Accordingly, applying the appropriate standards of review,3 
we hold that the evidence is legally and factually sufficient to support the 
jury’s verdict. We overrule appellant’s first and second points.
        In 
point three, appellant contends that the pretrial photo lineup was impermissibly 
suggestive; however, appellant has forfeited this complaint because he did not 
raise it at trial. See Tex. R. 
App. P. 33.1(a)(1); Mosley v. State, 983 S.W.2d 249, 265 (Tex. 
Crim. App. 1998) (op. on reh’g), cert. denied, 526 U.S. 1070 (1999). 
Instead, when the State offered the photo spread “for all purposes,” 
appellant’s counsel replied, “No objection.” Therefore, we overrule 
appellant’s third point.
        Appellant 
argues in his fourth point that the trial court erred in charging the jury on 
the law of parties. Appellant asserts that the testimony at trial only supports 
a conclusion that he committed the theft element of the robbery, not that he 
caused or intended to cause bodily injury to McClure. Appellant further asserts 
that any evidence that McClure was assaulted by someone else does not show that 
the assault occurred while a theft was being committed. See Tex. Penal Code Ann. § 29.02(a).
        If 
the evidence introduced at trial raises an issue that the defendant’s conduct 
was not sufficient by itself to constitute the charged offense, and instead 
depended on the acts of another, then the submission of a parties charge is 
appropriate. McCuin v. State, 505 S.W.2d 827, 830 (Tex. Crim. App. 1974). 
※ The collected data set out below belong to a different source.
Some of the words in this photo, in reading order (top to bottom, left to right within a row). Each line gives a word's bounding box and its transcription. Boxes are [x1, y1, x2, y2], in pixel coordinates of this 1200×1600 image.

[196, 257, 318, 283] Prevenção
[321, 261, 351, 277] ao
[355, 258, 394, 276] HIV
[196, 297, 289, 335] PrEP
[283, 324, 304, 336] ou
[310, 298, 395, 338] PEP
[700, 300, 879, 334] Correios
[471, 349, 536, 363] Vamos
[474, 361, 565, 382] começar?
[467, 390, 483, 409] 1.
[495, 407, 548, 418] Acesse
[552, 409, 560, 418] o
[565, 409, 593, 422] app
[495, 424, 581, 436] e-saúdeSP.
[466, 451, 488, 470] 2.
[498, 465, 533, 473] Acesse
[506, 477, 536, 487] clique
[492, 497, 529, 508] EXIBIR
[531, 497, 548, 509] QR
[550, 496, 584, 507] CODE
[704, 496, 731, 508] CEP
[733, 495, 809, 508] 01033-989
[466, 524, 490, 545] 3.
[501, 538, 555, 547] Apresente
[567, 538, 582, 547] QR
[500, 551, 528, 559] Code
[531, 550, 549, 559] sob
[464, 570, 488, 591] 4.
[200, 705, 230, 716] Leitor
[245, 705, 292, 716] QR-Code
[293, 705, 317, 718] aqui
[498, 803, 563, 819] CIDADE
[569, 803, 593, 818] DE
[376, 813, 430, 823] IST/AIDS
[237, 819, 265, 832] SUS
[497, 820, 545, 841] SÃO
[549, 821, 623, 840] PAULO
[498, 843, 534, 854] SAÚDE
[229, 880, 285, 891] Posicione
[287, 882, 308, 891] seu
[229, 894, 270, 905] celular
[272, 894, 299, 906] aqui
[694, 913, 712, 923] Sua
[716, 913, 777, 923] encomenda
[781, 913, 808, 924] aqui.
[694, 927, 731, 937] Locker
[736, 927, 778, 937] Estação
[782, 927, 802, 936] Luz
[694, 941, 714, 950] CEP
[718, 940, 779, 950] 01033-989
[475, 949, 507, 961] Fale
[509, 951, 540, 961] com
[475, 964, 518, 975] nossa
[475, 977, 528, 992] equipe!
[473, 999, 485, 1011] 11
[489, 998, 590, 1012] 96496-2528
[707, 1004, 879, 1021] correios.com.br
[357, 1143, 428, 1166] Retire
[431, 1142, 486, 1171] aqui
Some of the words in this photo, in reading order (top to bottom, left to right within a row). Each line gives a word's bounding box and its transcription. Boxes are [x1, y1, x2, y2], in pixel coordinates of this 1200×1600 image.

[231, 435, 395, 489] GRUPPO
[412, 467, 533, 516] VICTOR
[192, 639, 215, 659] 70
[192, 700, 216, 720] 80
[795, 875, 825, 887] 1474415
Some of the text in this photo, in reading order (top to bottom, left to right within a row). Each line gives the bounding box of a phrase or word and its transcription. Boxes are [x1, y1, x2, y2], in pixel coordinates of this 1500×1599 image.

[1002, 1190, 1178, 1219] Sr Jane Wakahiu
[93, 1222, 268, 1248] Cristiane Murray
Here, the evidence raised an issue about whether appellant’s conduct in 
committing the bodily injury element of the robbery was partially dependent upon 
the conduct of his companions. Thus, the trial court properly submitted the 
parties charge. We overrule appellant’s fourth point.
        Having 
overruled all of appellant’s points, we affirm the trial court’s judgment.
 
  
                                                                  JOHN 
CAYCE
                                                                  CHIEF 
JUSTICE
  
  
PANEL 
A:   CAYCE, C.J.; DAUPHINOT and GARDNER, JJ.
 
DO 
NOT PUBLISH
Tex. R. App. P. 47.2(b)
 
DELIVERED: 
December 2, 2004

NOTES
1.  
See Tex. R. App. P. 47.4.
2.  
See Tex. Penal Code Ann. § 
29.02(a) (Vernon 2003) (providing that a person commits robbery if, in the 
course of committing theft, he intentionally, knowingly, or recklessly causes 
bodily injury to another).
3.  
See Jackson v. Virginia, 443 U.S. 307, 319, 99 S. Ct. 2781, 2789 
(1979); Burden v. State, 55 S.W.3d 608, 612 (Tex. Crim. App. 2001) 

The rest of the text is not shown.